Caps AD levou usuários em tratamento de dependência química para visitar a feira e eles adoraram

Telma Elorza

Equipe O LONDRINENSE

A Exposição Agropecuária e Industrial de Londrina – a ExpoLondrina – tem quase 60 anos mas, para muita gente, ela é uma festa para os outros. Os excluídos da vida costumam olhar o evento de fora, a não ser quando participam de visitas gratuitas organizadas por entidades, que se cadastram junto a Sociedade Rural do Paraná (SRP), promotora do evento. É o caso do Centro de Atenção Psicossocial (Caps) Álcool e Drogas (AD), cujos profissionais levaram 13 usuários do serviço para passear no Parque de Exposições Ney Braga, nesta sexta (12).

Entre os usuários do CAPs AD, a maioria é bem carente: tem morador de abrigo, tem morador de assentamento e abrigados. Dos 13, três deles nunca tinham visitado a ExpoLondrina. É o caso de Katia, 32 anos, que reside em Londrina há 10 anos. Ela faz tratamento no Caps AD para se livrar da dependência química. O passeio, para ela, foi importante por dois motivos: “distraiu a cabeça” e viu “coisas que nem imaginava que existia”. “É bom a gente ver coisa diferente. Eu adorei a Fazendinha”, conta.

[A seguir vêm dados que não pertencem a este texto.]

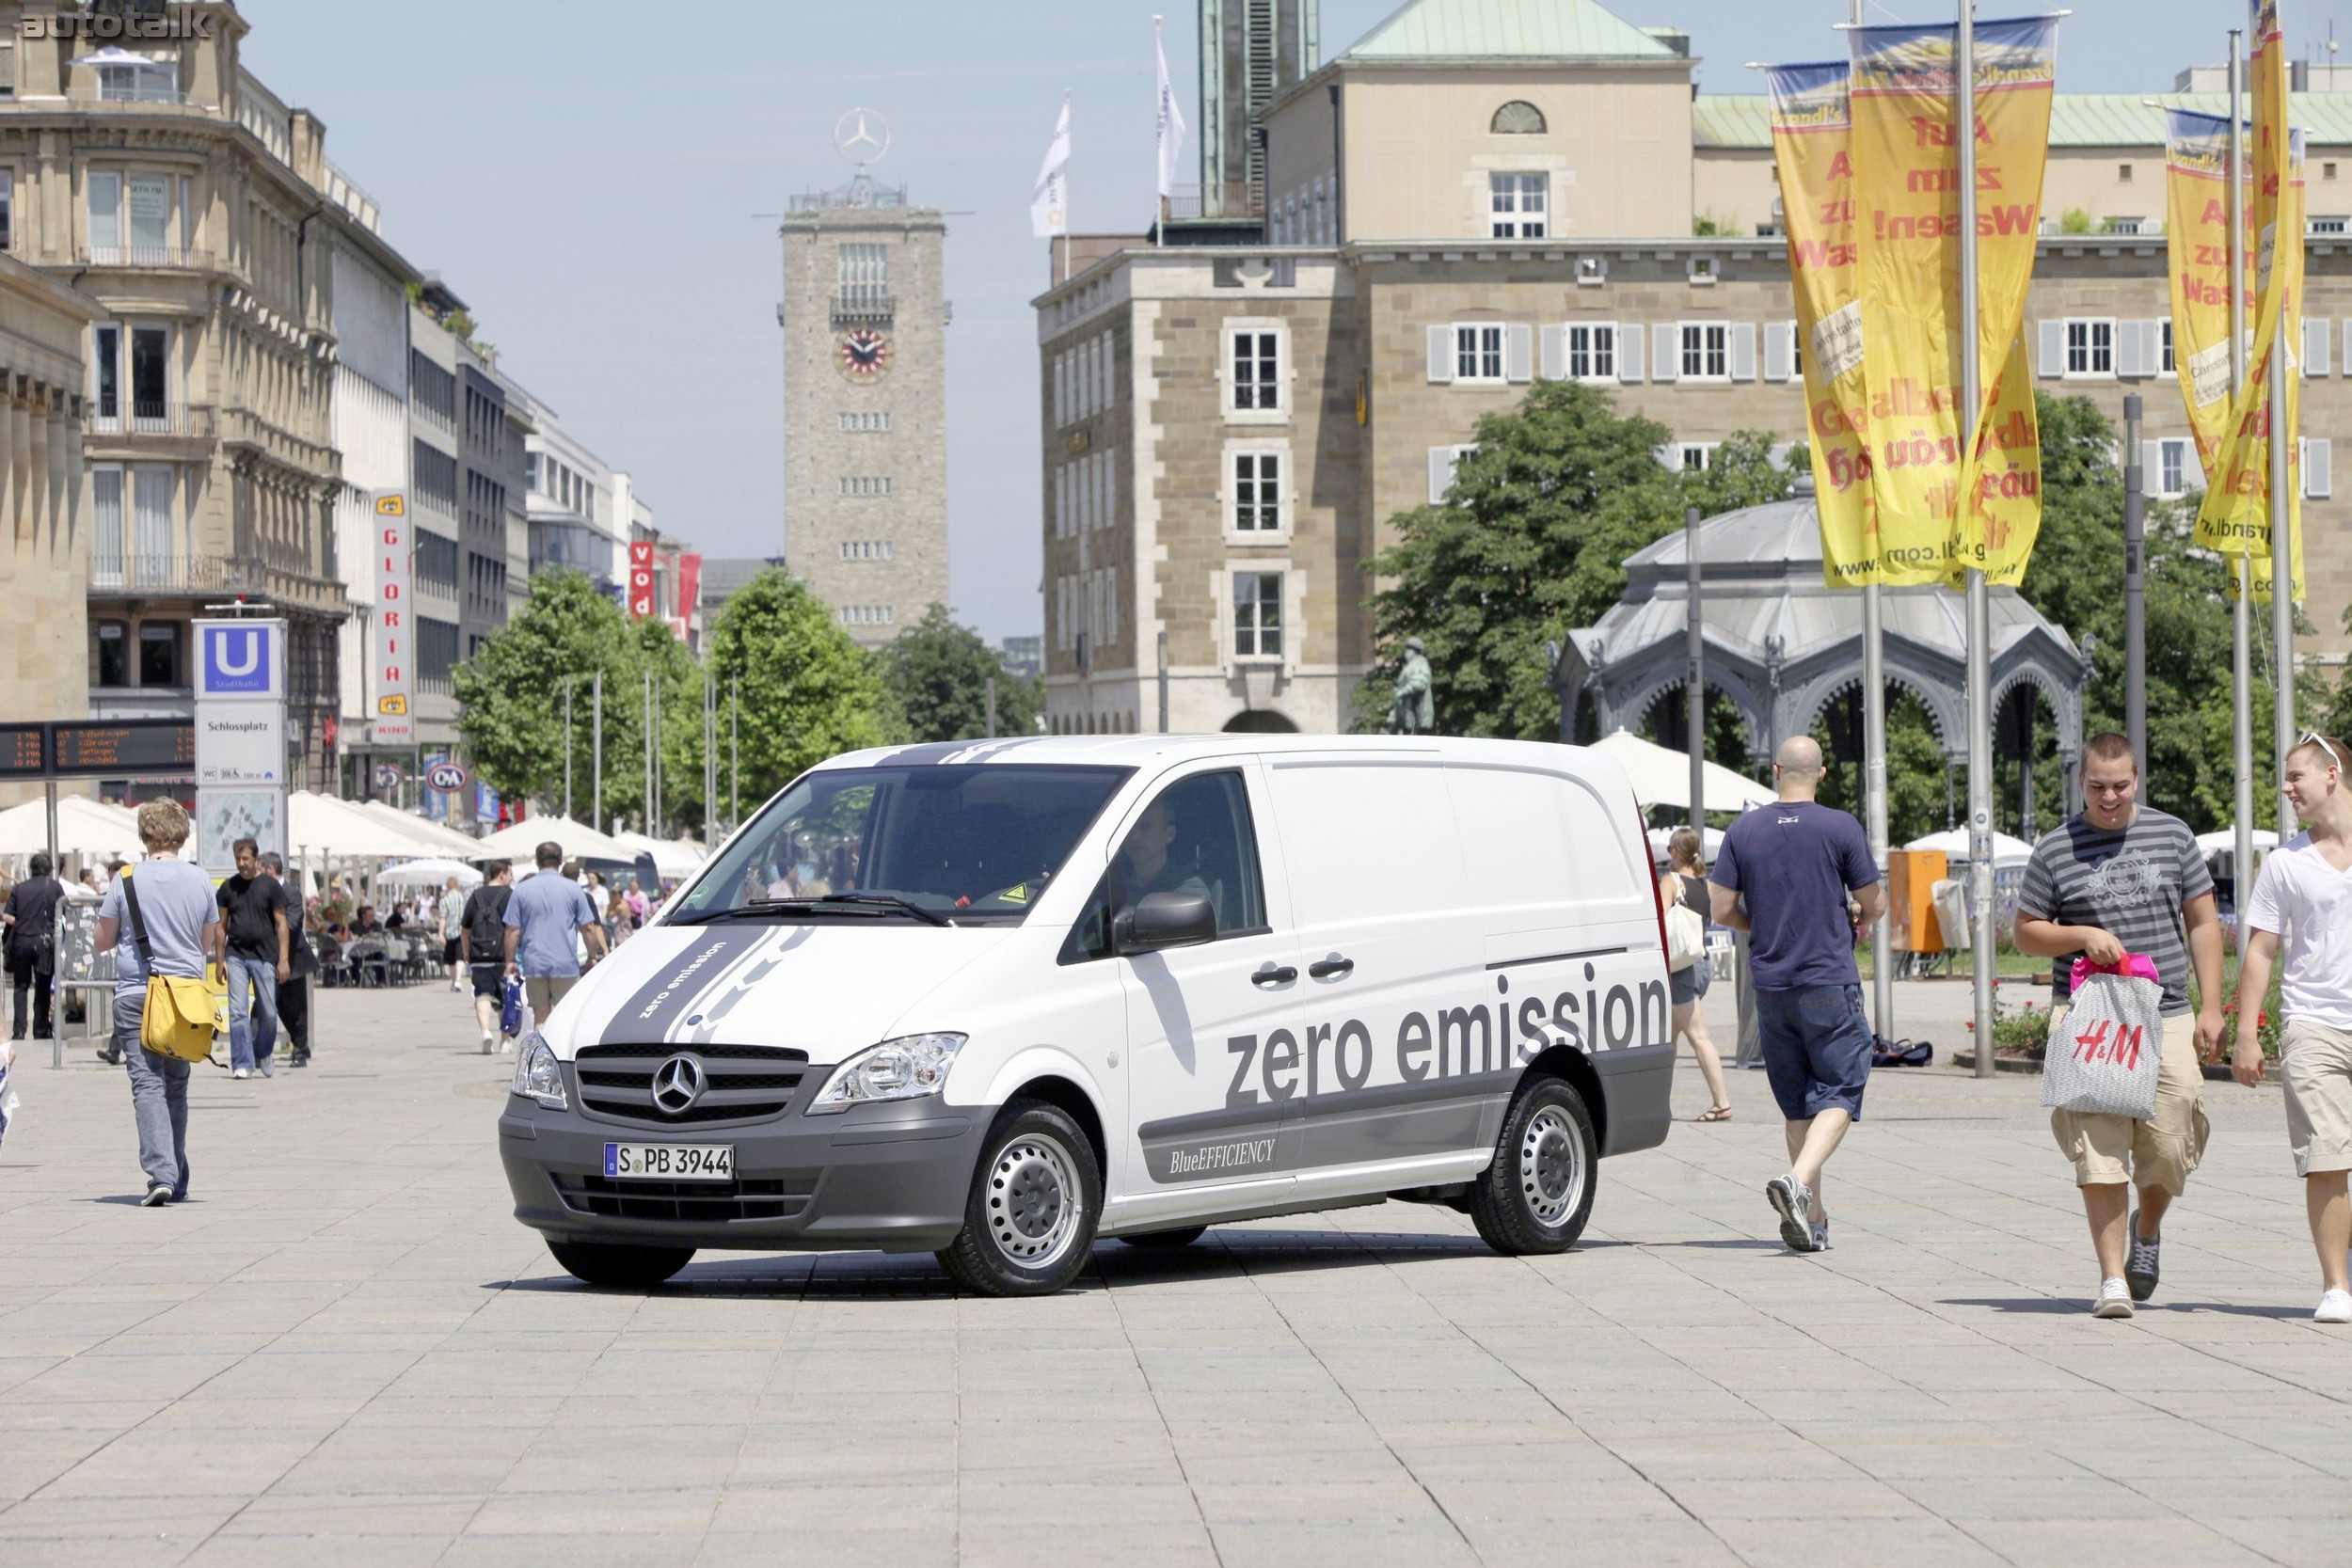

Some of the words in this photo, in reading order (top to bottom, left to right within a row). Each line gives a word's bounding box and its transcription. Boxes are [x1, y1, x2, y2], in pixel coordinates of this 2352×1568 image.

[384, 529, 399, 681] GLORIA
[215, 631, 259, 676] U
[208, 721, 268, 733] Schlossplatz
[379, 726, 408, 735] KINO
[203, 769, 216, 778] WC
[639, 991, 670, 1019] zero
[667, 942, 727, 990] emission
[1226, 1019, 1373, 1109] zero
[1396, 961, 1667, 1084] emission
[2073, 1019, 2142, 1071] H&M
[619, 1148, 630, 1172] S
[644, 1148, 670, 1173] PB
[675, 1149, 728, 1174] 3944
[1169, 1139, 1276, 1174] BlueEFFICIENCY

Já Mário, 42 anos, mora há seis anos em Londrina e nunca teve “oportunidade e dinheiro” para visitar uma exposição. Hoje, ele mora na república montada recentemente pelo município para atender moradores de rua e pessoas em vulnerabilidade social. Ele conta que teve um problema sério recentemente com dependência química e alcoolismo. “Aí eu precisei de ajuda e a Assistência Social achou que lá poderia ter melhores condições para continuar o tratamento”, conta.

Ele foi um dos que mais gostou do passeio e achou tudo maravilhoso. “Mas, o mais importante foi o grupo, os profissionais e colegas, juntos, se divertindo”, diz. Além disso, ele disse que é uma bom ver que existem coisas diferentes, reais, “para que a gente não desvie para outras coisas”. “Enxergar as coisas sóbrio é bem melhor que sob efeito”, conta.

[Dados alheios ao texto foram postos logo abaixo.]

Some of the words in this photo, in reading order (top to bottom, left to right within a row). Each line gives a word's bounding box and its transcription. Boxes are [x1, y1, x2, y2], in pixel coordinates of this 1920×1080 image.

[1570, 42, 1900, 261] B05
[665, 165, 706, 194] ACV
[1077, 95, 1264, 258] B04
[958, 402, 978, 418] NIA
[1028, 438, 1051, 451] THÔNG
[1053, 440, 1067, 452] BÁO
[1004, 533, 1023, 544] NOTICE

O César, 42 anos, foi morador de rua por 25 anos. Hoje, vive na mesma república que o Mário. Esta foi a segunda vez que visitava a ExpoLondrina com o Caps-AD. Segundo ele, poder visitar o parque, durante a feira, é uma conquista. “Não é porque somos usuários de álcool e drogas que não merecemos participar de uma festa assim. Nós também precisamos de lazer”, diz.

César também diz que aprende muito a cada passeio desses que faz com o Caps.”Só de ter comido sorvete de mandioca e o bicho da seda frito já valeu. E ainda fiz arborismo também”, conta, feliz. Ele diz que vai levar as coisas que viu para sempre na memória. “Se eu tivesse sob efeito, iria apenas ‘causar’, sem dar valor para as coisas legais que vi”, afirma.

Aliás, a Fazendinha Via Rural foi eleito pelo grupo a atração mais interessante de toda a ExpoLondrina.